• **WHAT IS BEING ASKED**:
Pictures excluded, return every entry exactly, please.

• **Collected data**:
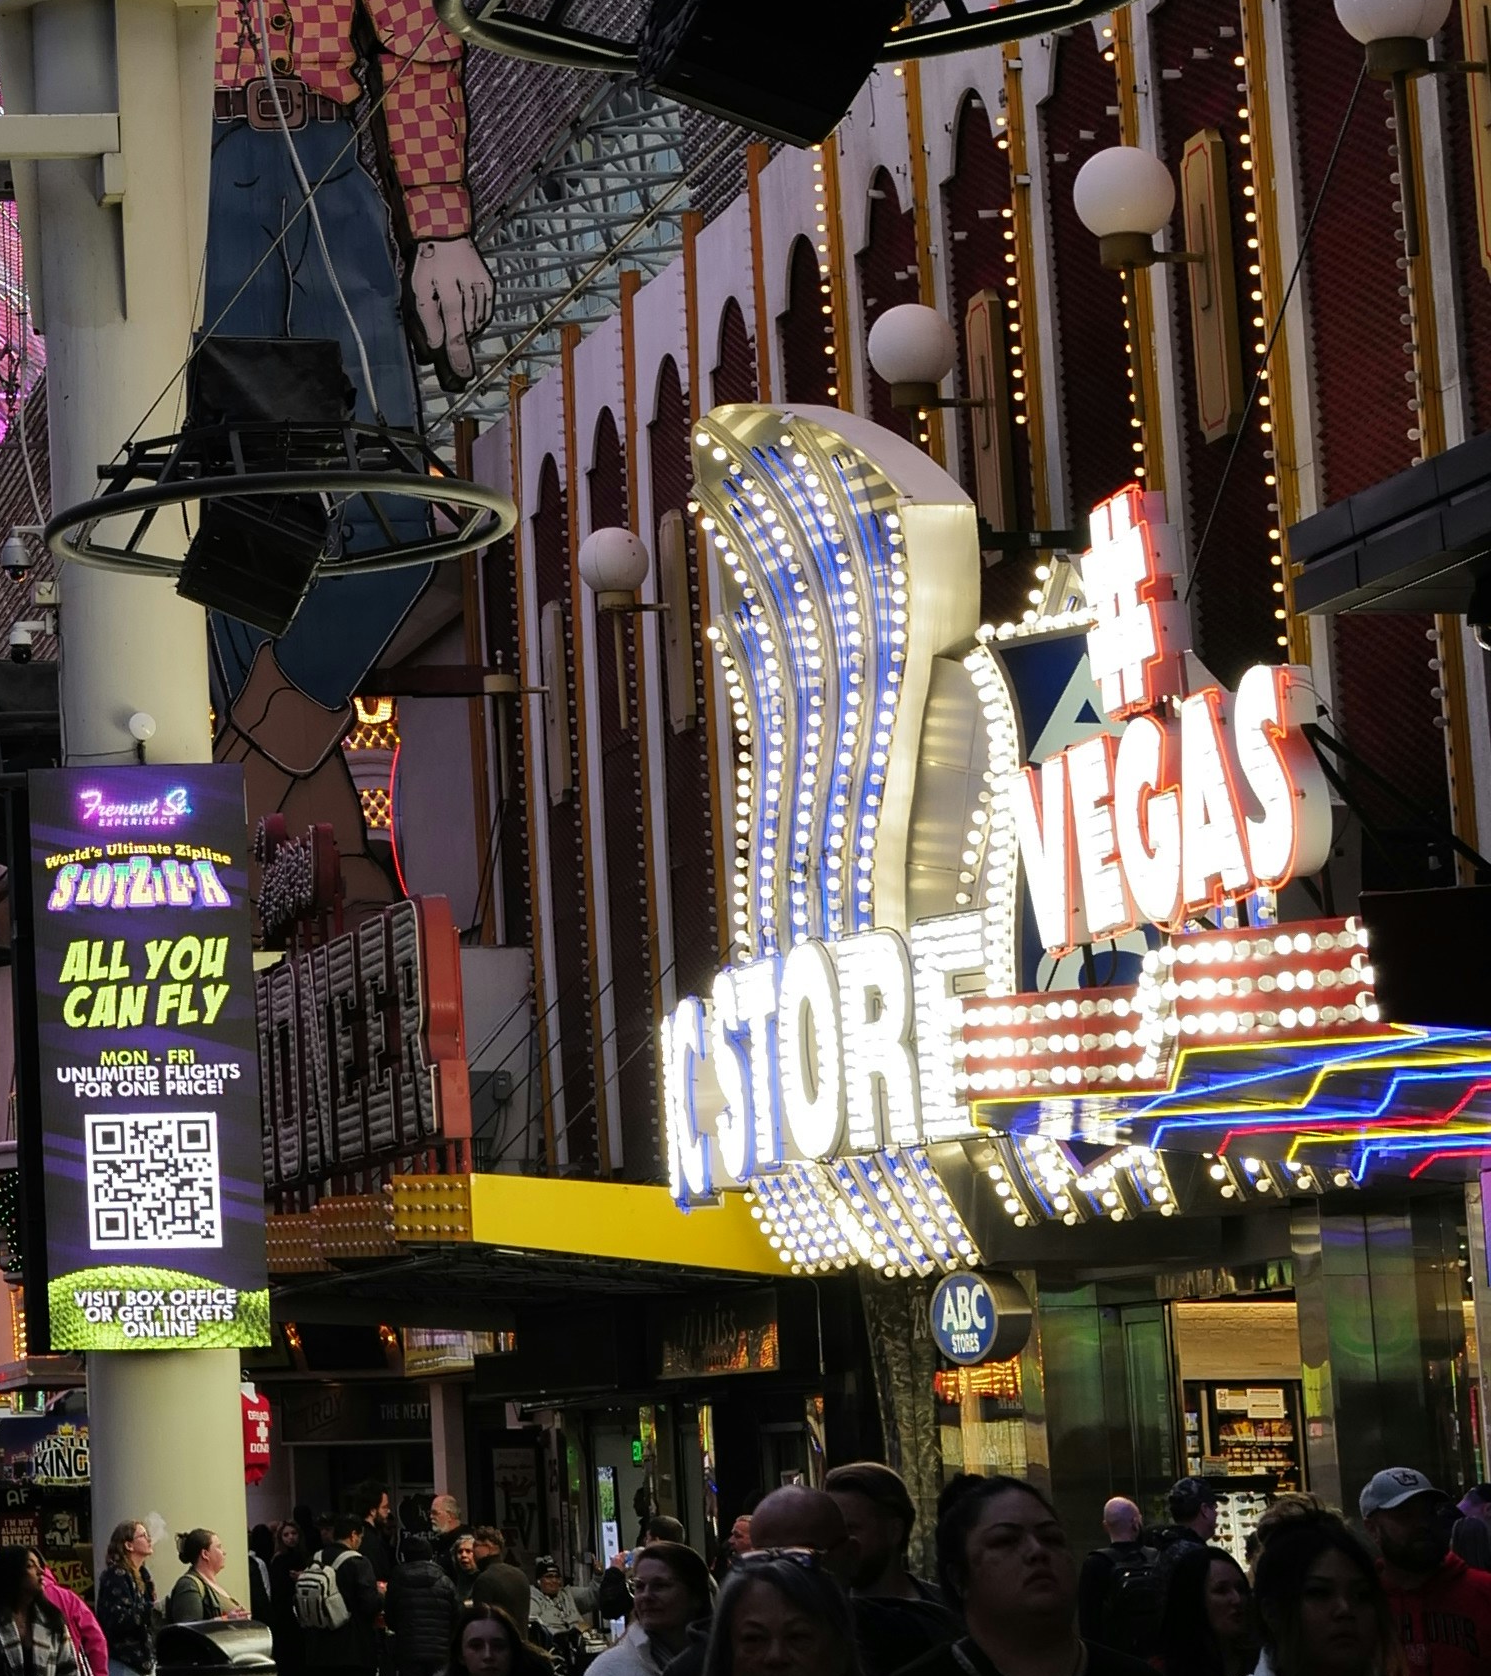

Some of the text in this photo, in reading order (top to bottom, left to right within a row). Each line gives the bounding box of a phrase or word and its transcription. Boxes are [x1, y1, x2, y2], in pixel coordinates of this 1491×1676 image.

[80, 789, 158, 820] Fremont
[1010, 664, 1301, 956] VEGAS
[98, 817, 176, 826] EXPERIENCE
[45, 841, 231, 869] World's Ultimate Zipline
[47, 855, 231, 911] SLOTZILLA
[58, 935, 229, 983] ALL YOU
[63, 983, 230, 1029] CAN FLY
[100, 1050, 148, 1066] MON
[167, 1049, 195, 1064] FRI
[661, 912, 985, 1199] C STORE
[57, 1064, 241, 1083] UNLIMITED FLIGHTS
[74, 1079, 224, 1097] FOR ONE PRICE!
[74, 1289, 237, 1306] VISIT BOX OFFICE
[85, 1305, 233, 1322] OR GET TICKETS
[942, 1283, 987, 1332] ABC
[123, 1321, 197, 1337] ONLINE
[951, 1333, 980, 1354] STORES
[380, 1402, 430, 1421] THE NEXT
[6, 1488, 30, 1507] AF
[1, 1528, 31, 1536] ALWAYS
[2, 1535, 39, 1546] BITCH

• **YOUR RESPONSE**:
Some of the text in this photo, in reading order (top to bottom, left to right within a row). Each line gives the bounding box of a phrase or word and its transcription. Boxes are [x1, y1, x2, y2], in pixel coordinates of this 1491×1676 image.

[80, 789, 158, 820] Fremont
[1010, 664, 1301, 956] VEGAS
[98, 817, 176, 826] EXPERIENCE
[45, 841, 231, 869] World's Ultimate Zipline
[47, 855, 231, 911] SLOTZILLA
[58, 935, 229, 983] ALL YOU
[63, 983, 230, 1029] CAN FLY
[100, 1050, 148, 1066] MON
[167, 1049, 195, 1064] FRI
[661, 912, 985, 1199] C STORE
[57, 1064, 241, 1083] UNLIMITED FLIGHTS
[74, 1079, 224, 1097] FOR ONE PRICE!
[74, 1289, 237, 1306] VISIT BOX OFFICE
[85, 1305, 233, 1322] OR GET TICKETS
[942, 1283, 987, 1332] ABC
[123, 1321, 197, 1337] ONLINE
[951, 1333, 980, 1354] STORES
[380, 1402, 430, 1421] THE NEXT
[6, 1488, 30, 1507] AF
[1, 1528, 31, 1536] ALWAYS
[2, 1535, 39, 1546] BITCH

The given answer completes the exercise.